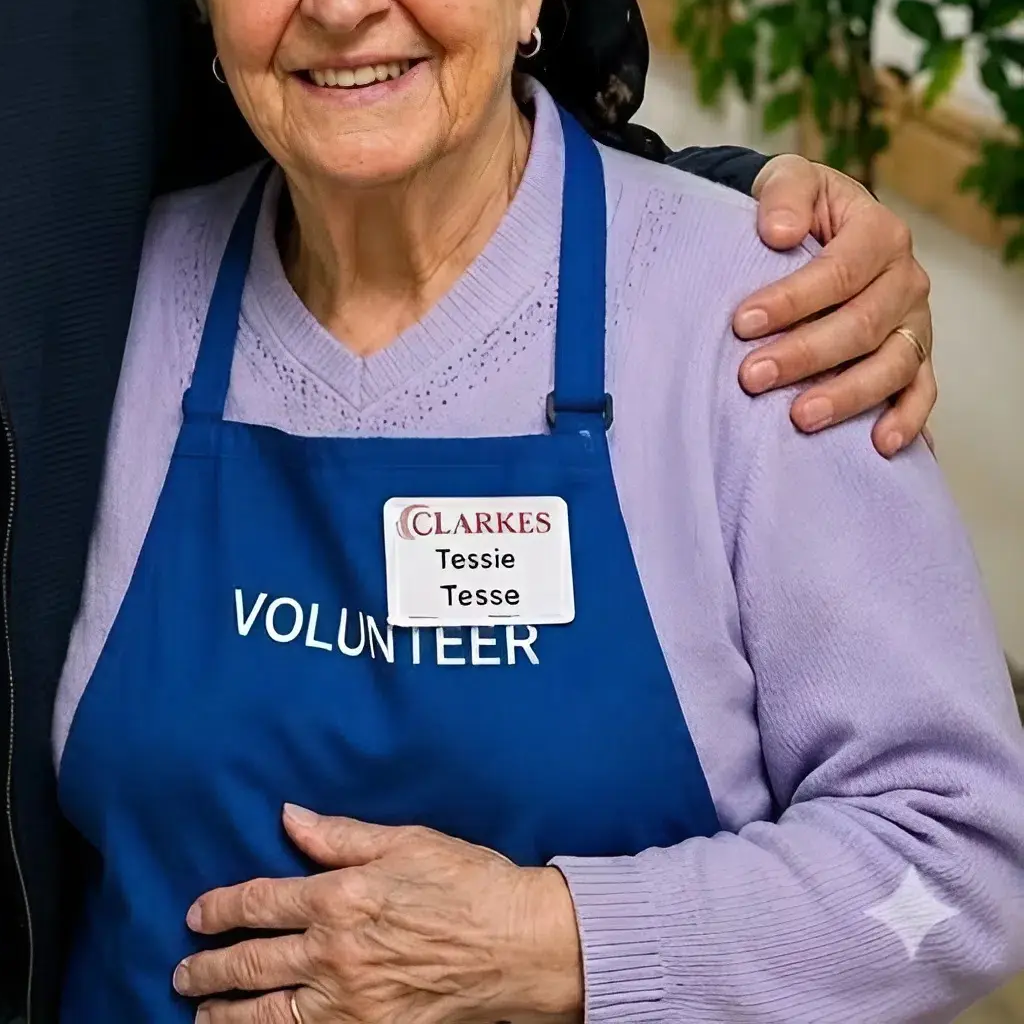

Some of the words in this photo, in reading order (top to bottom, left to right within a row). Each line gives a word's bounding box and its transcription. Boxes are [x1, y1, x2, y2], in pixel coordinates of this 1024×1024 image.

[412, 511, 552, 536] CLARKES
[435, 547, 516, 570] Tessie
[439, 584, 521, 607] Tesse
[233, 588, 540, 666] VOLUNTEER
++++++++++
• [Requirement]
Each line above should be returned exactly as it stands, minus any pictures.

• [Task solution]
Some of the words in this photo, in reading order (top to bottom, left to right within a row). Each line gives a word's bounding box and its transcription. Boxes are [x1, y1, x2, y2], in pixel coordinates of this 1024×1024 image.

[412, 511, 552, 536] CLARKES
[435, 547, 516, 570] Tessie
[439, 584, 521, 607] Tesse
[233, 588, 540, 666] VOLUNTEER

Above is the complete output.